More than 95 percent of the time, chemicals are used to treat cooling water for scale, corrosion, and bacteria. A partial list of commonly used chemicals and their potential issues is given in Table 1.
As dissolved-solids levels increase, so do scale-deposition tendencies. With chemical treatment of cooling water, cycles of concentration are limited by an inability to prevent scale formation. This is attributable to the way in which most chemicals work. They prevent the formation of calcium carbonate by sequestering calcium, preventing crystal growth, or keeping the material in solution. Ultimately, a saturation limit is reached, and the addition of more chemicals becomes ineffective. This is in contrast to non-chemical technologies, which form calcium-carbonate solids and remove them from water, increasing cycles of concentration.

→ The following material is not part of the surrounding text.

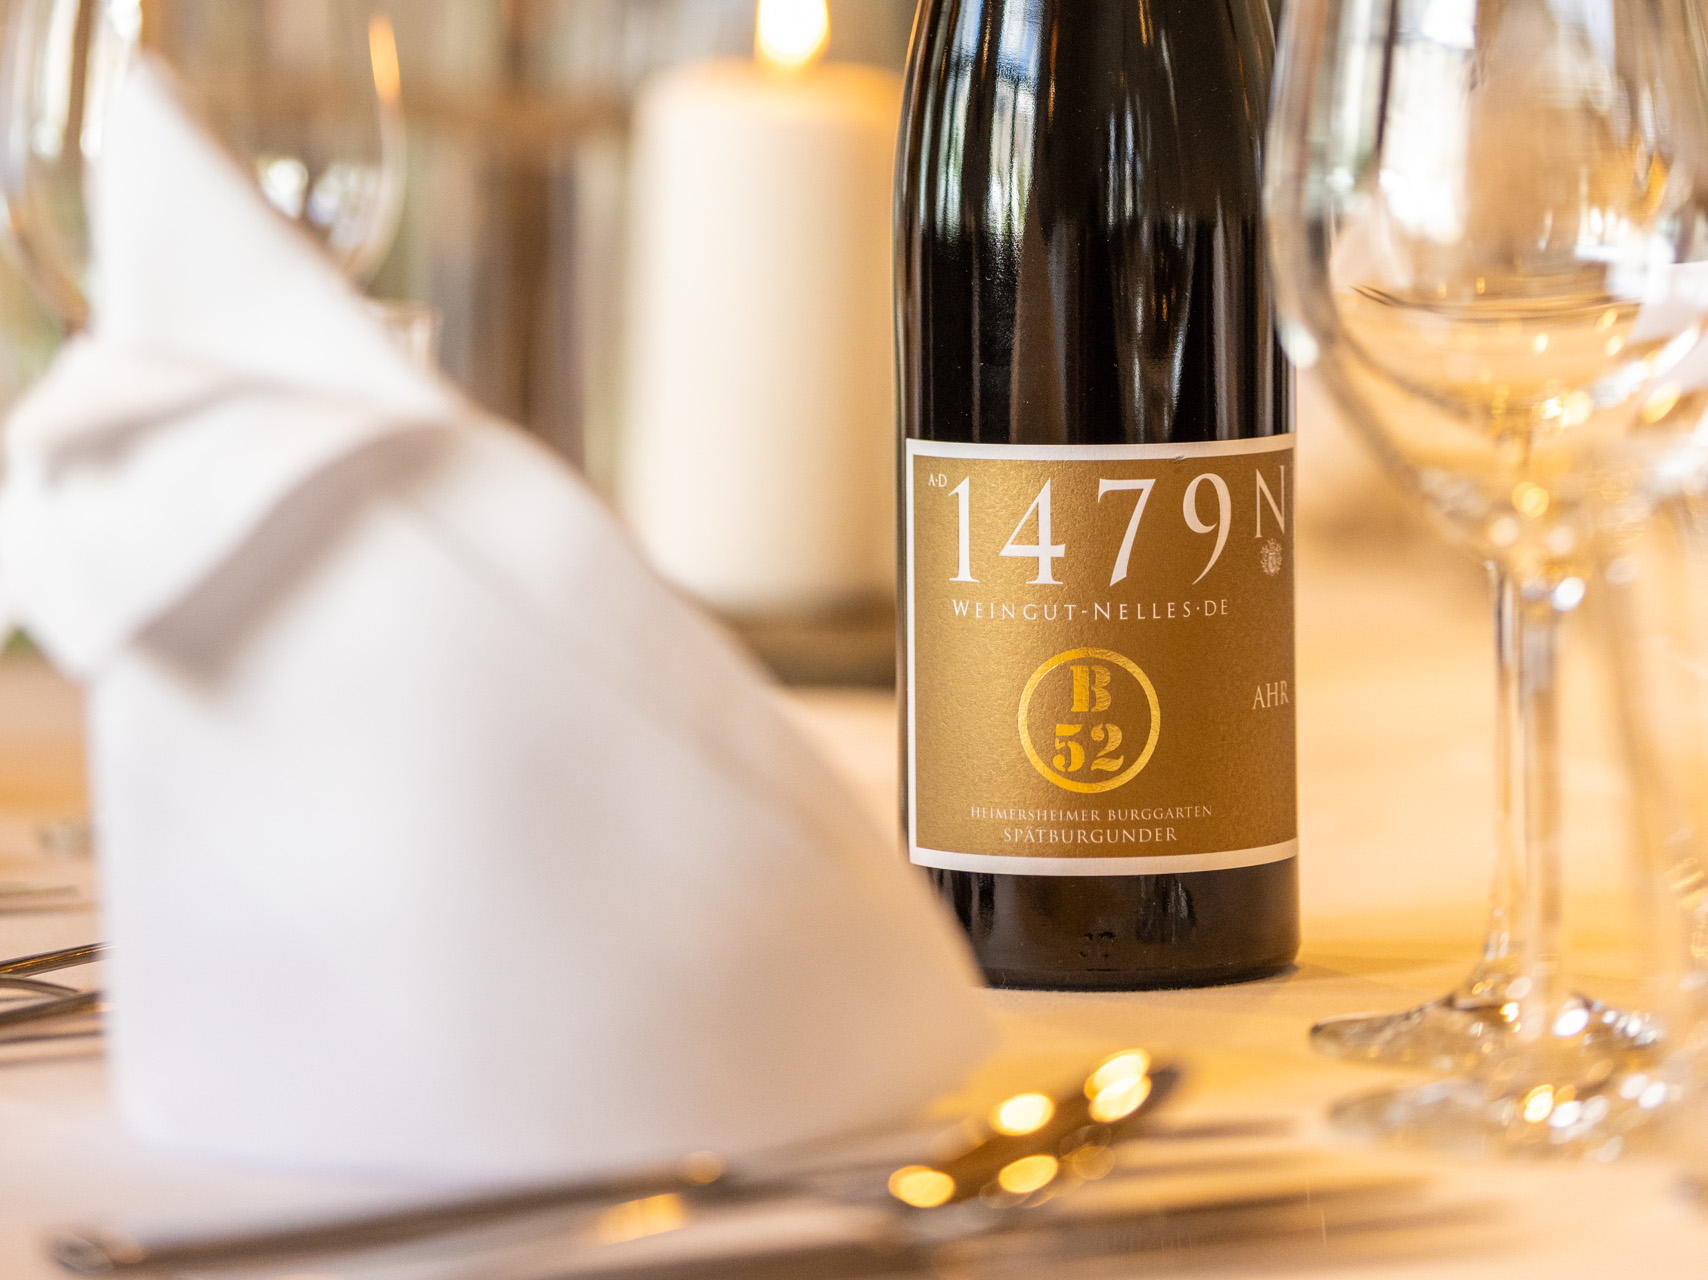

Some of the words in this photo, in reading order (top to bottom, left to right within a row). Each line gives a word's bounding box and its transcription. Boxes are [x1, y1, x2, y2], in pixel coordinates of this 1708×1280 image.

A recent trend in chemical treatment is the use of dry products, which can be used for scale prevention, corrosion protection, and microbial control. Because they usually are concentrated (up to 100-percent active), they are significantly smaller by volume, lighter, and much easier and safer to handle, store, and transport than their liquid equivalents.
With a properly designed treatment program and continuous monitoring, chemicals can be an effective means of maintaining good water quality in a cooling tower. However, facility managers are beginning to seek alternatives because of environmental concerns.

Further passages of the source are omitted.